[Haskell-beginners] Extracting arguments point-free

[Peter Hall]

As an exercise I'm trying to rewrite a Project Euler solution below to
be as point-free as possible.  I'm stuck trying to extract the
[1..999] range so it can be passed as an argument to calc.
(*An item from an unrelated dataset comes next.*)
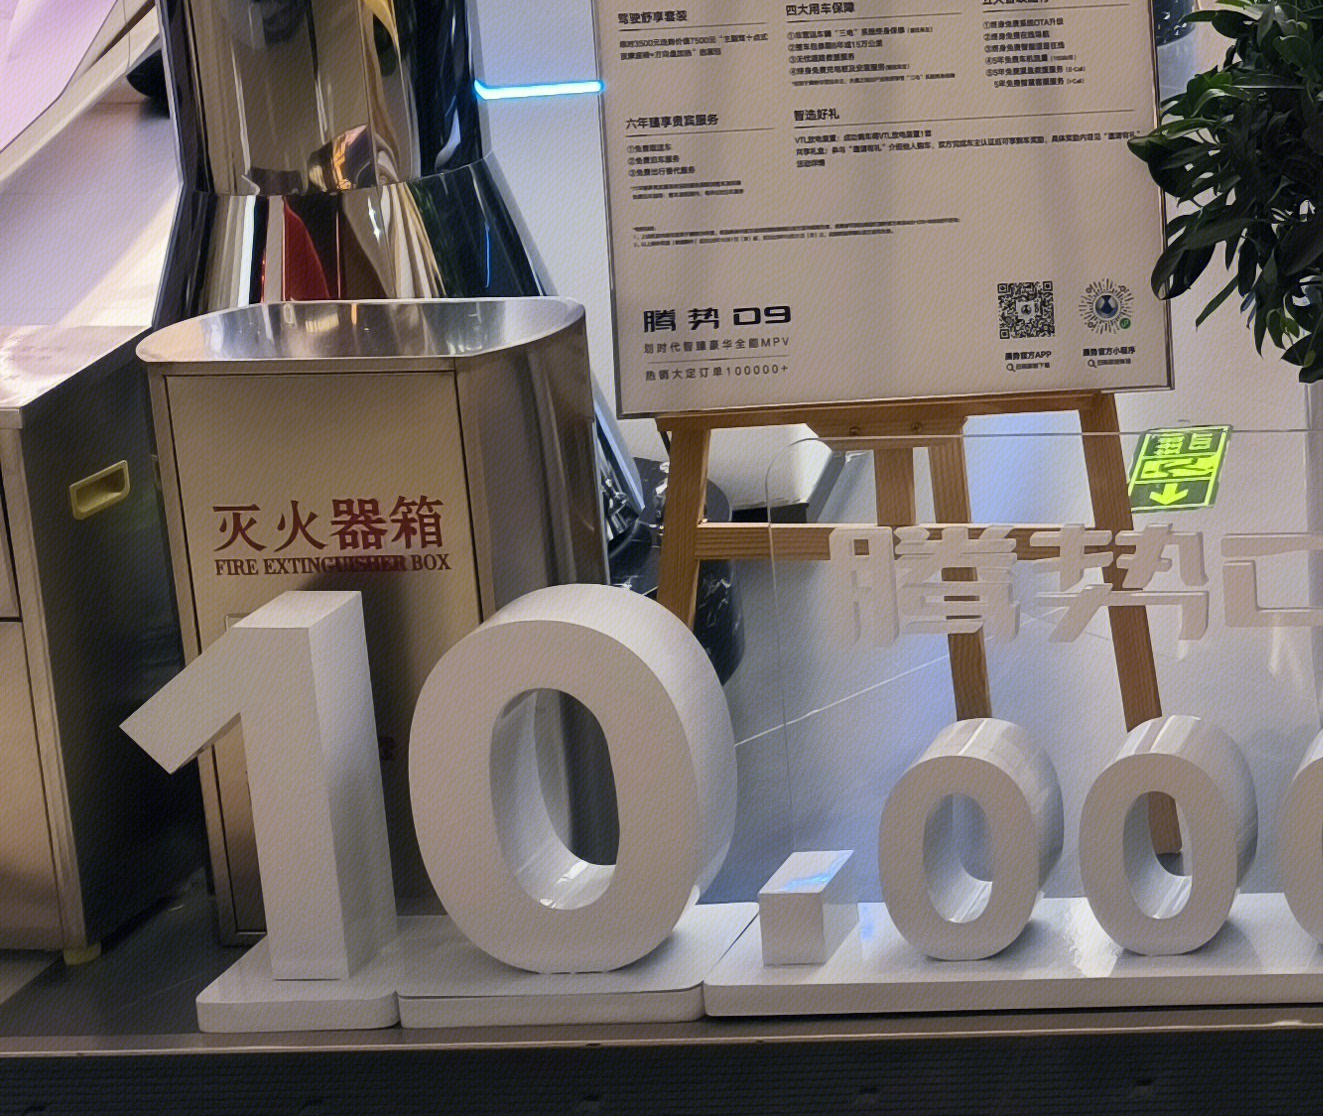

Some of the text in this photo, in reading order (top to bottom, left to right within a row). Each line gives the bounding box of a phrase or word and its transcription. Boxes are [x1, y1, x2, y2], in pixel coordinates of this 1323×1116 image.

[785, 2, 855, 16] 四大用车保障
[212, 495, 444, 553] 灭火器箱
[214, 553, 452, 576] FIRE EXTINGUISHER BOX
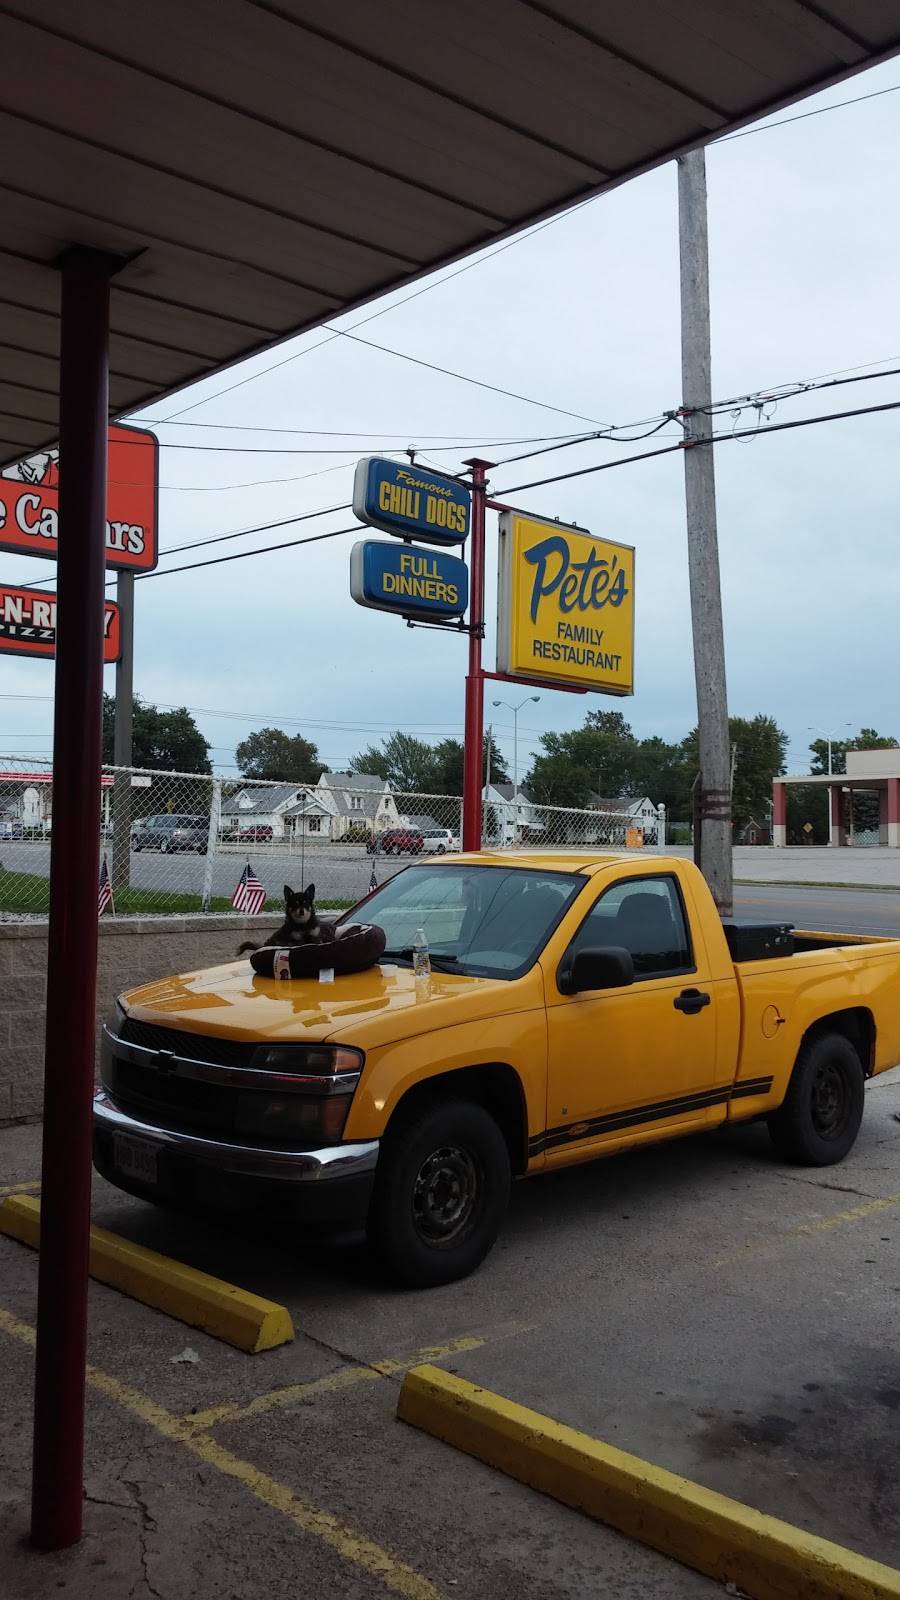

Can someone
help me figure it out?

Thanks,
Peter


module Problem0036 (
    run
) where

import Num.Digits
import Control.Applicative

run :: IO Int
run = return $ calc

calc :: Int
calc = sum $ filter isBinaryPalindrome decimalPalindromes

isBinaryPalindrome :: Int -> Bool
isBinaryPalindrome = (==) <$> (fromDigitsB . reverse . digitsB) <*> id

decimalPalindromes :: [Int]
decimalPalindromes = fromDigitsD <$> oddsAndEvens (digitsD <$> [1..999])
        where oddsAndEvens  = (++) <$> (oddDigits <$>) <*> (evenDigits <$>)
              evenDigits    = (++) <$> id              <*> reverse
              oddDigits     = (++) <$> reverse . tail  <*> id




-- The other imported module:

module Num.Digits (
     digits
    ,digitsD
    ,digitsB
    ,fromDigits
    ,fromDigitsB
    ,fromDigitsD
) where

import Data.Char (digitToInt)
import Data.List (insert, foldl1')

{-# INLINABLE digitsD #-}
digitsD :: Integral a => a -> [a]
digitsD = digits 10

{-# INLINABLE fromDigitsD #-}
fromDigitsD :: Integral a => [a] -> a
fromDigitsD = fromDigits 10

{-# INLINABLE digitsB #-}
digitsB :: Integral a => a -> [a]
digitsB = digits 2

{-# INLINABLE fromDigitsB #-}
fromDigitsB :: Integral a => [a] -> a
fromDigitsB = fromDigits 2

{-# INLINABLE digits #-}
digits :: Integral a => a -> a -> [a]
digits b 0 = [0]
digits b n = reverse $ digits' n
    where digits' 0 = []
          digits' n = r : digits' q
            where (q,r) = quotRem n b

{-# INLINABLE fromDigits #-}
fromDigits :: Integral a => a -> [a] -> a
fromDigits b = foldl1' (\i j -> b * i + j)